A Memorandum and a Notice to Explain are not automatically the same thing. In labor discipline, the safer approach is to treat a Notice to Explain as the first written notice used when management is investigating an alleged violation that may lead to disciplinary action, especially termination.
What a Notice to Explain Is For
A Notice to Explain is used when management needs the employee’s written explanation regarding a reported incident, possible misconduct, policy violation, neglect, insubordination, attendance issue, or similar offense. It is the cleaner and safer document when the matter may later support a suspension or dismissal decision.

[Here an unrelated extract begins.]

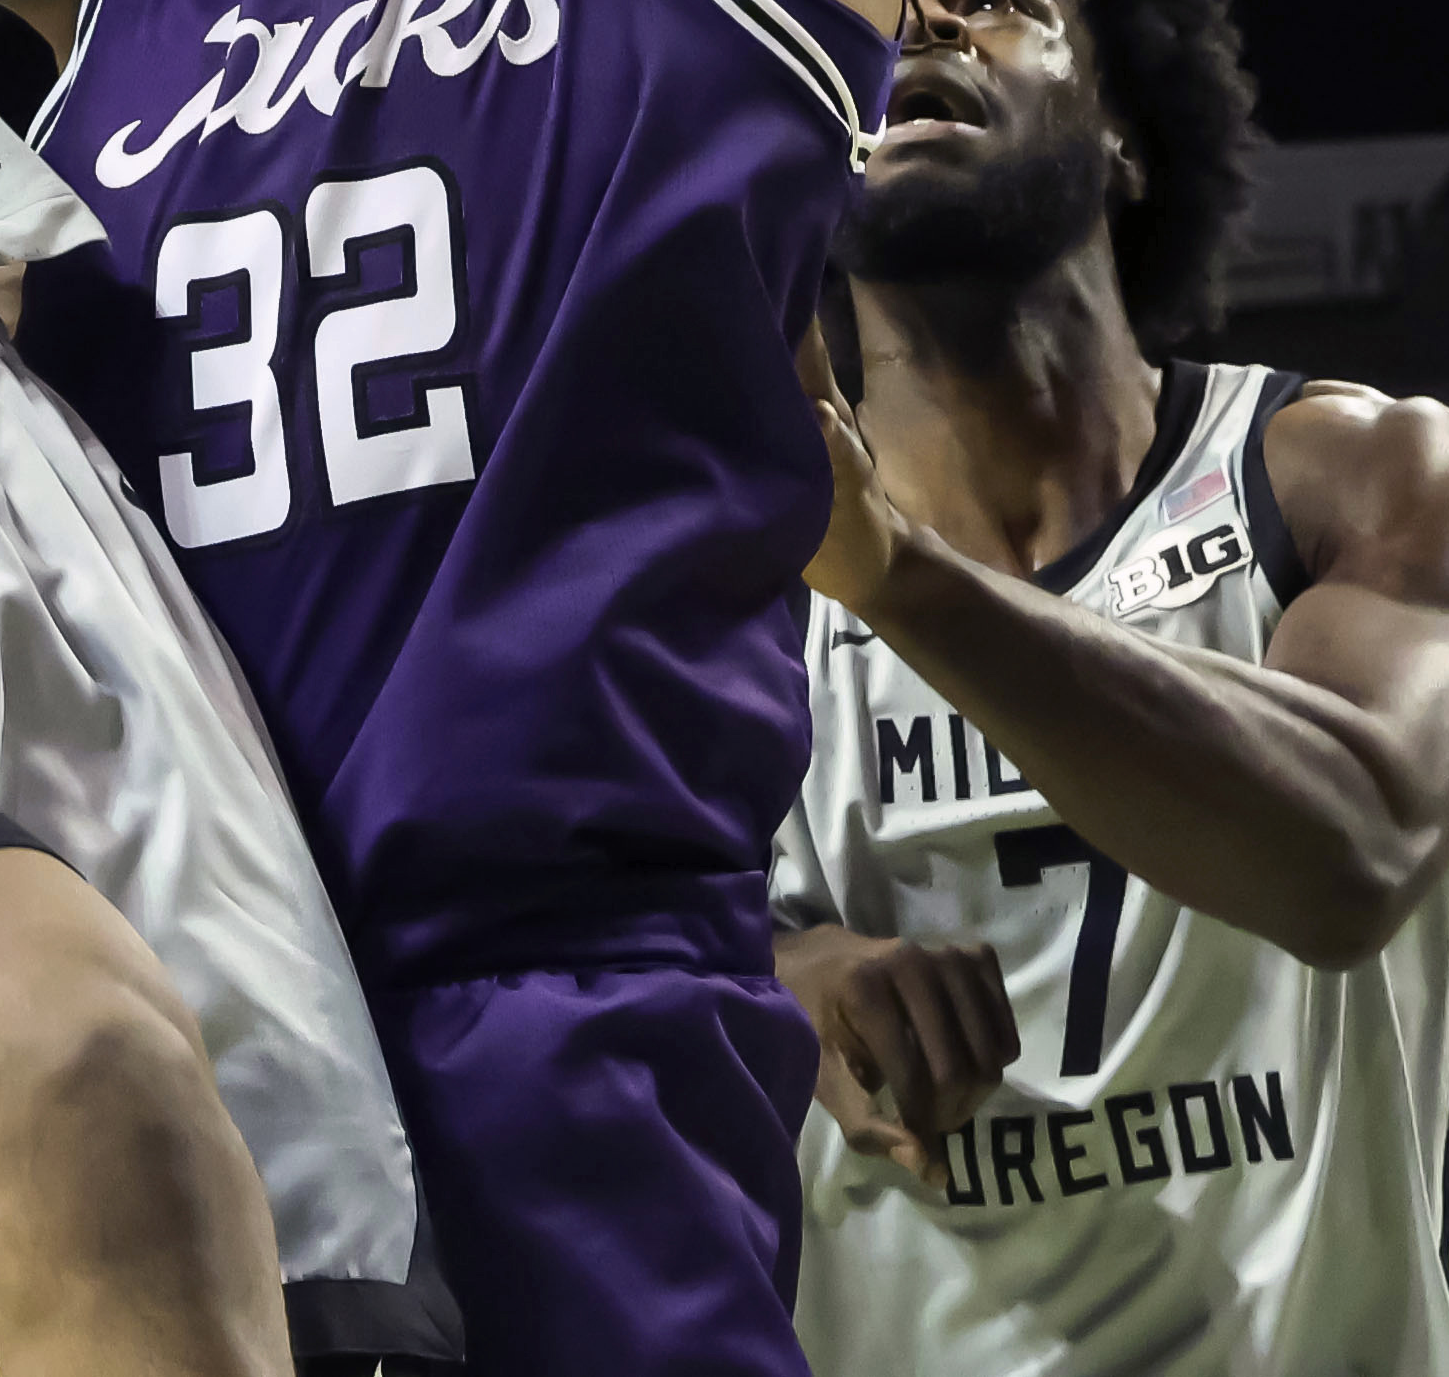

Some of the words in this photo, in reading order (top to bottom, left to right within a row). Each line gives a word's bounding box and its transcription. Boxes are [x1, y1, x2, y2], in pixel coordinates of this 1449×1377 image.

[153, 164, 477, 550] 32
[994, 825, 1135, 1079] 7
[944, 1070, 1297, 1208] OREGON

What a Memorandum Is Usually For
A Memorandum is a broader management document. It may be used for reminders, directives, policy communication, coaching notes, administrative instructions, clarifications, and documented reminders. While some workplaces use memoranda in disciplinary contexts, the safer practice is not to rely on a generic memorandum when the issue may escalate into formal disciplinary action.
Simple Rule
Use a Memorandum When
- management is issuing a reminder about attendance, reporting lines, deadlines, or office rules
- the document is communicating a directive or instruction
- the concern is minor and management is documenting coaching or reminding the employee of expectations
- the company is clarifying a process, policy, schedule, or operational requirement
- the purpose is not yet to require a formal written explanation on a specific charge
Use a Notice to Explain When
- there is an alleged violation of company policy or code of conduct
- there is a reported incident that may result in discipline
- management needs the employee’s written side before deciding what action to take
- the issue involves possible misconduct, gross neglect, insubordination, attendance offenses, or other chargeable acts
- the company needs to start formal disciplinary documentation properly
Why Using the Wrong Document Creates Risk
A common mistake is using a vague memorandum for a serious matter, then later trying to rely on it as if it were the first disciplinary notice. That creates risk because the document may be too generic, too unclear, or too soft to support proper due process documentation.
A Practical Comparison
Memorandum
Purpose: communicate, remind, direct, document, or coach
Tone: management instruction or documented reminder
Best used for: policy reminders, minor concerns, process compliance, administrative directions
Notice to Explain
Purpose: require the employee to answer a specific alleged offense
Tone: formal disciplinary due process
Best used for: documented incidents, policy violations, misconduct allegations, attendance offenses, matters that may lead to sanctions
What a Proper Notice to Explain Should Contain
- employee name
- date of issuance
- specific incident or charge
- relevant dates, time, place, and facts
- policy or rule allegedly violated, if applicable
- instruction to submit a written explanation
- deadline for response
- notice of conference or hearing, if management will hold one
Common Mistakes
- using a vague memorandum for a serious offense
- failing to state the actual acts or omissions complained of
- not identifying the dates or incidents clearly
- using emotional or accusatory wording instead of factual language
- skipping the opportunity to explain
- assuming that a warning memo is enough for a serious disciplinary first notice
Bottom Line
A Memorandum is a broad management document. A Notice to Explain is the safer disciplinary document when management is asking for the employee’s formal written explanation on a specific offense that may lead to sanctions. If the matter can escalate, use the NTE format and make the allegations specific, factual, and timely.
This guide is for general informational use only. Actual disciplinary documentation should be reviewed against company policy, the facts of the case, and applicable legal requirements.